The conference included a number of national and international industry presentations, academic papers, and technical papers. The 291 delegates heard emphasis being given to new markets and strategies, as well as leaders for the future in the plenary sessions. Metallurgy, technology, and processes were covered in industry and technical presentations as well as academic streams.
Twenty-eight exhibitors participated in the exhibition.
South Africa has about 170 foundries which directly employ about 9,500 people. Mostly small and medium-sized enterprises, a total of 25 foundries have closed in South Africa since 2010, shedding 1,600 jobs.

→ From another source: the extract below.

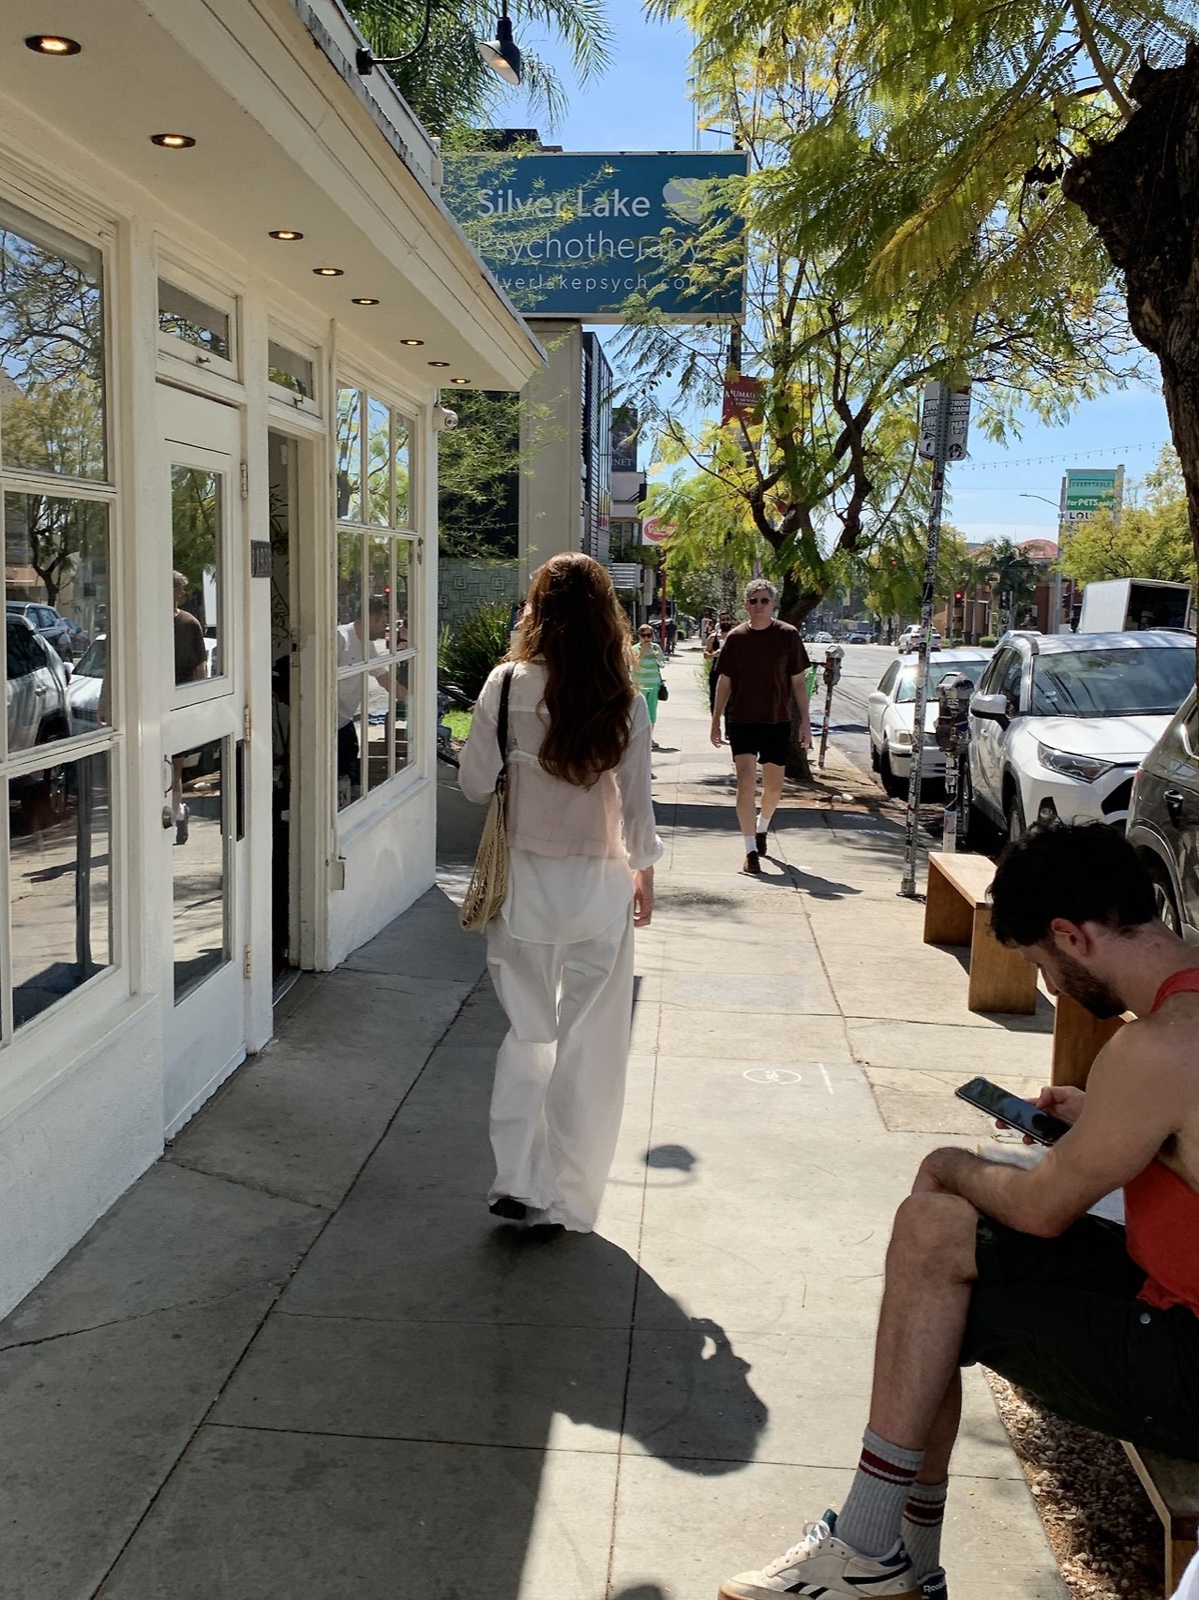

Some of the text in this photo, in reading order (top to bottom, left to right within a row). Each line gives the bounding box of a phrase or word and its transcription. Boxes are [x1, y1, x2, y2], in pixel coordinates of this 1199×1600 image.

[477, 188, 651, 218] Silver Lake
[1078, 498, 1098, 507] PETS

“Foundries need to embrace and adapt to the new manufacturing technologies of the fourth industrial revolution by being informed of the latest research and developments,” Davies said. “While there are challenges, ultimately there is a need to modernize for sustainability.”
In addition, South African metal casting businesses need to transform in terms of human capital, innovation and sustainability to arrest the decline of the sector and compete on a global scale.
Some of the challenges faced by foundries include the costs of compliance with new regulations, such as air emissions standards. They put a strain on small and medium sized foundry businesses, which are also dealing with a lack of off-take agreements and high levels of capital investment requirements due to aging infrastructure and capital equipment.
“In the next Industrial Policy Action Plan (IPAP), we are emphasising the importance of supporting the metals and casting industries to modernise and grow. This requires support in terms of research and development, human resource development and supply-side support in the form of incentives for the metals and agro-processing industries. Along with demand-side initiatives, such as local procurement designations, this support will help to grow demand,” said October.
“The foundry industry in South Africa is mature and many foundries have the capacity and capabilities to produce for designated sectors, including those that export,” said Ashley Bhugwandin, Manager: National Foundry Technology Network (NFTN). Through the DTI, the NFTN aims to make funding available for recapitalisation and to address the low capacity utilisation through technical and regulatory support, engaging local buyers and developing the industries’ collective capacity and capabilities.
Taking a look at the impact of the foundry industry on manufacturing in South Africa, Henk Langenhoven, Chief Economist: Chamber of Mines of South Africa, said that it is not manufacturing that is declining, but rather manufacturing is declining as a percentage of the economy.
“If one looks at GDP growth in correlation with physical tonnage of castings produced in the country, it begs the question of whether we are giving away too much market share in imports. Or is our domestic base too small? In the 1990s, there were massive investments in infrastructure and in the economy. This has subsided and now the consumption part of our economy is driving the demand for castings.”
Collaboration emerged as an important factor in success for foundries. To this end, sessions were held that focused on information sharing to collectively address common issues and improve knowledge on new technologies.
One common issue is the shortage of young people in the industry and the need to improve skills. The 7th BRICS Foundry Forum, in conjunction with the World Foundry Organisation working group for Human Capital Development, hosted a collaboration workshop with international and local industry players to find practical and immediate actions to drive the growth of the global industry.